## WORK ORDER
Output all of the lines below exactly, and leave out each image.

*** EXTRACTED MATERIAL

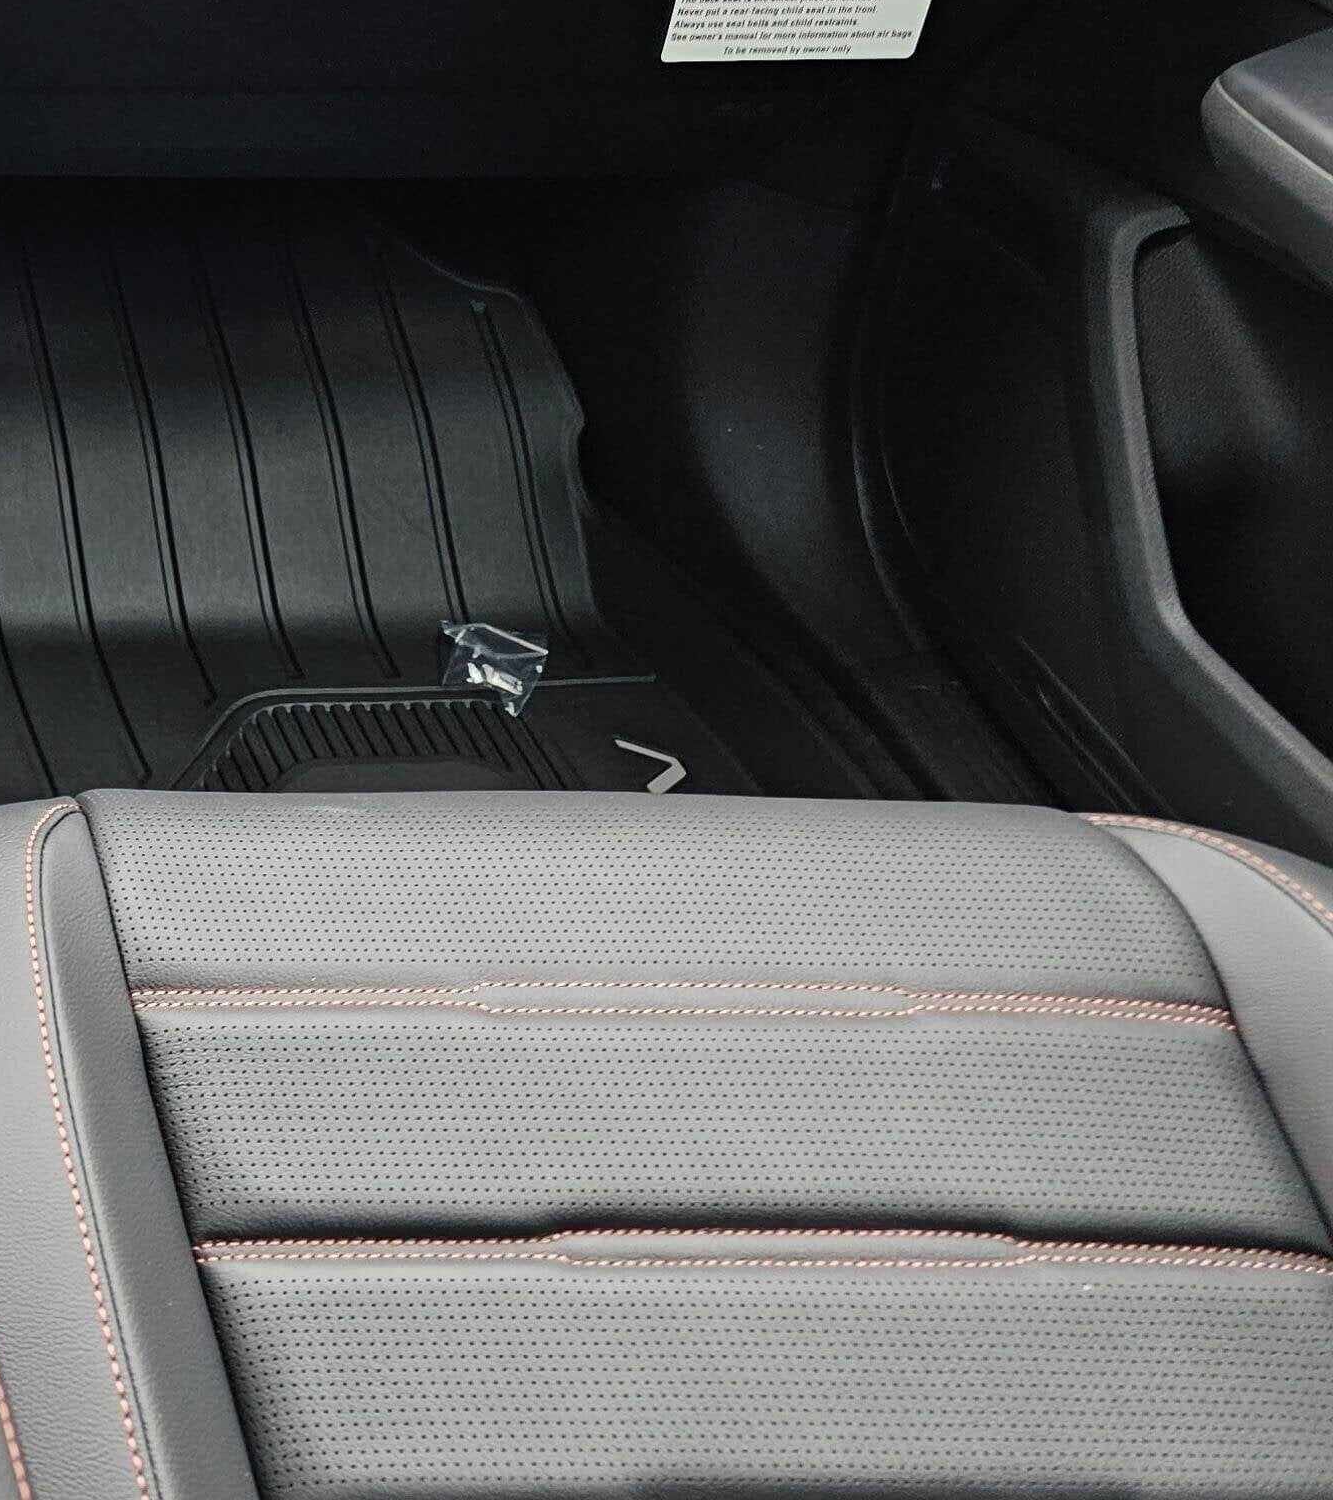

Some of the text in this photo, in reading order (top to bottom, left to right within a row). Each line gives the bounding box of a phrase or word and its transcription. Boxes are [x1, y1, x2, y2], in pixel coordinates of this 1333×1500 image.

[677, 8, 703, 16] Never
[705, 7, 720, 18] put
[782, 7, 804, 15] child
[806, 6, 825, 14] seat
[838, 5, 852, 13] the
[674, 20, 705, 30] Always
[726, 19, 745, 28] seat
[747, 19, 769, 27] belts
[771, 19, 788, 27] and
[790, 18, 813, 26] child
[671, 33, 687, 41] See
[689, 33, 722, 41] owner's
[725, 32, 758, 40] manual
[760, 32, 772, 40] for
[798, 31, 848, 39] information
[724, 46, 733, 55] To
[735, 46, 746, 54] be
[790, 46, 800, 55] by
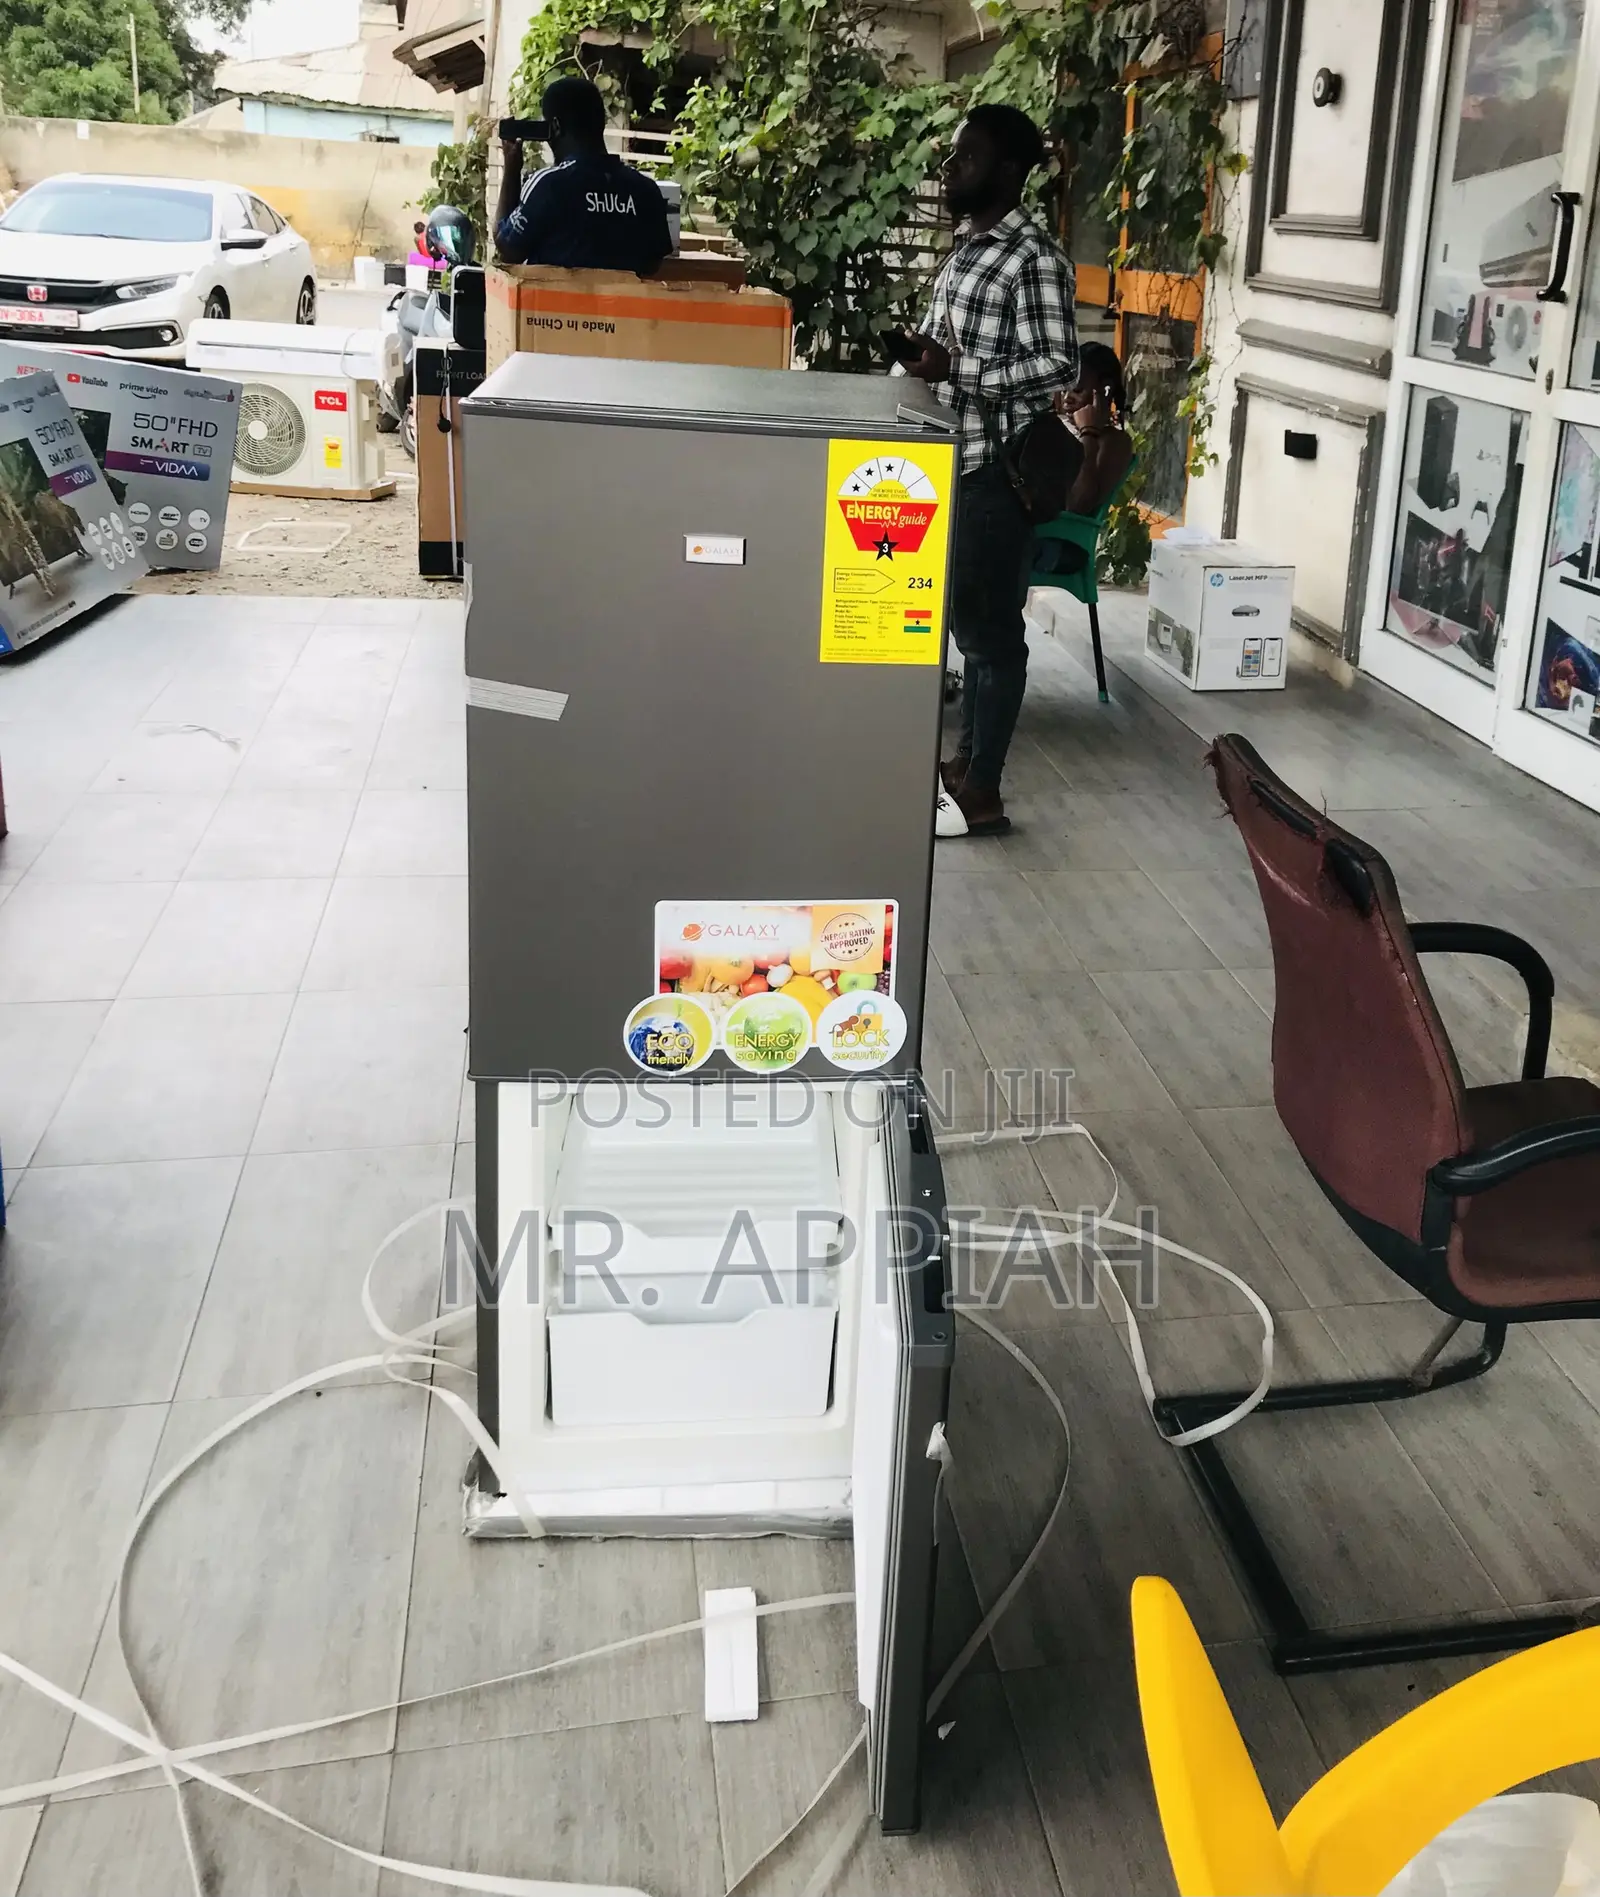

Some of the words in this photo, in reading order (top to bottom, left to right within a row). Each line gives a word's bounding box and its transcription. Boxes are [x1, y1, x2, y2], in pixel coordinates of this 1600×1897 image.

[526, 316, 563, 330] China
[581, 320, 615, 334] Made
[81, 376, 109, 387] YouTube
[119, 382, 145, 392] prime
[145, 386, 169, 396] video
[318, 396, 343, 406] TCL
[130, 435, 190, 454] SMART
[155, 461, 198, 477] VIDAA
[846, 501, 901, 524] ENERGY
[898, 511, 927, 528] guide
[882, 543, 889, 553] 3
[908, 577, 933, 589] 234
[707, 923, 780, 937] GALAXY
[849, 927, 876, 938] RATING
[829, 936, 869, 950] APPROVED
[645, 1033, 695, 1051] ECO
[735, 1032, 800, 1048] ENERGY
[831, 1028, 889, 1047] LOCK
[646, 1051, 695, 1068] friendly
[736, 1047, 797, 1063] saving
[831, 1048, 889, 1062] security

******

## ANSWER TO THIS PROBLEM
Some of the text in this photo, in reading order (top to bottom, left to right within a row). Each line gives the bounding box of a phrase or word and its transcription. Boxes are [x1, y1, x2, y2], in pixel coordinates of this 1333×1500 image.

[677, 8, 703, 16] Never
[705, 7, 720, 18] put
[782, 7, 804, 15] child
[806, 6, 825, 14] seat
[838, 5, 852, 13] the
[674, 20, 705, 30] Always
[726, 19, 745, 28] seat
[747, 19, 769, 27] belts
[771, 19, 788, 27] and
[790, 18, 813, 26] child
[671, 33, 687, 41] See
[689, 33, 722, 41] owner's
[725, 32, 758, 40] manual
[760, 32, 772, 40] for
[798, 31, 848, 39] information
[724, 46, 733, 55] To
[735, 46, 746, 54] be
[790, 46, 800, 55] by

Some of the words in this photo, in reading order (top to bottom, left to right within a row). Each line gives a word's bounding box and its transcription. Boxes are [x1, y1, x2, y2], in pixel coordinates of this 1600×1897 image.

[526, 316, 563, 330] China
[581, 320, 615, 334] Made
[81, 376, 109, 387] YouTube
[119, 382, 145, 392] prime
[145, 386, 169, 396] video
[318, 396, 343, 406] TCL
[130, 435, 190, 454] SMART
[155, 461, 198, 477] VIDAA
[846, 501, 901, 524] ENERGY
[898, 511, 927, 528] guide
[882, 543, 889, 553] 3
[908, 577, 933, 589] 234
[707, 923, 780, 937] GALAXY
[849, 927, 876, 938] RATING
[829, 936, 869, 950] APPROVED
[645, 1033, 695, 1051] ECO
[735, 1032, 800, 1048] ENERGY
[831, 1028, 889, 1047] LOCK
[646, 1051, 695, 1068] friendly
[736, 1047, 797, 1063] saving
[831, 1048, 889, 1062] security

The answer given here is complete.